Beninese footballer (born 1982)

Damien Koffi Anderson Chrysostome (born 24 May 1982) is a Beninese former professional footballer who played as a defender. He spent much of his career in the Italian lower leagues before joining French club FC Metz for the 2008–09 season. The following two seasons he played for Turkish side Denizlispor. He ended his career in Finland with JJK Jyväskylä. At international level, he made 58 appearances for the Benin national team.

==Club career==
Chrysostome was born in Cotonou, Benin. In Italy he was a member of the A.S. Cittadella Serie C1 squad for the 2002–03 and 2003–04 seasons and part of the 2004–05 season.
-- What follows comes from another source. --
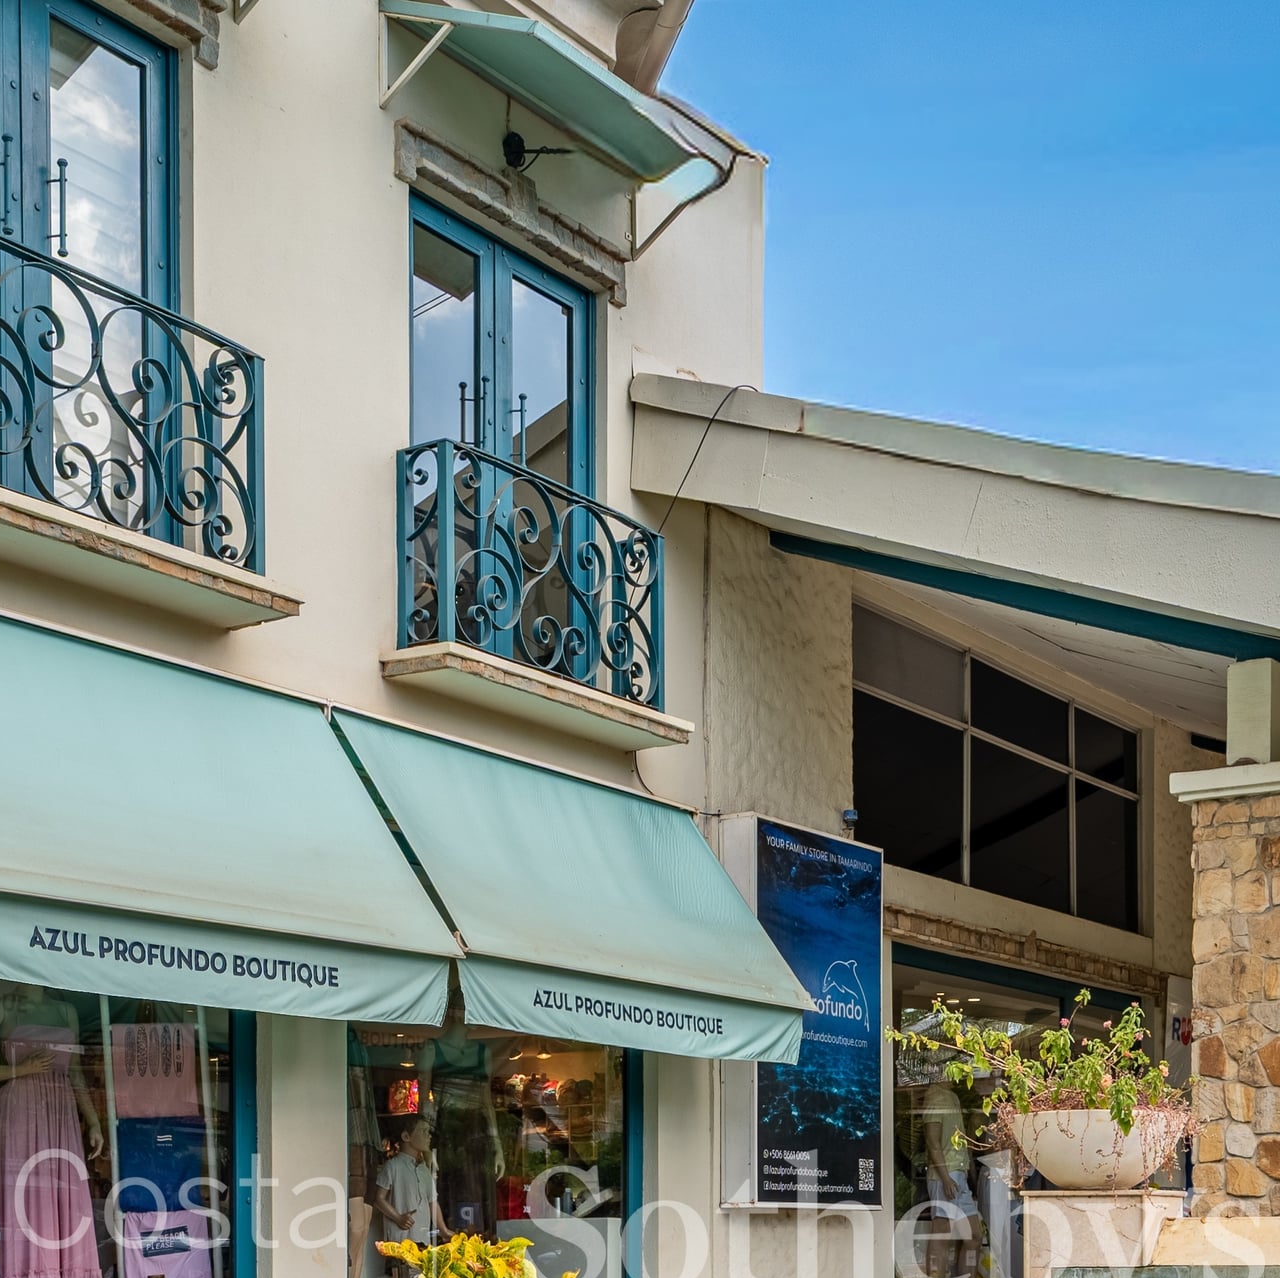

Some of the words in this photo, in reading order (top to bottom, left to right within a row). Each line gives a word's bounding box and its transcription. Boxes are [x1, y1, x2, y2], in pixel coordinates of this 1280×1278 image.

The rest of 2004–05 was spent with A.S. Biellese 1902 in Serie C2. He returned to Cittadella for the 2005–06 season, then moved to Associazione Calcio Cuneo 1905 for the 2005–06 season in Serie C2. During the 2007–08 season he appeared for Casale in Serie D.

==International career==
In 2001, Chrysostome appeared in all three of his country's matches in the 2004 African Nations Cup. The Benin national team lost all three of their games in the first round of competition, and failed to secure qualification for the quarter-finals. He was ever-present in the 2008 tournament, when again Benin failed to progress beyond the group stage.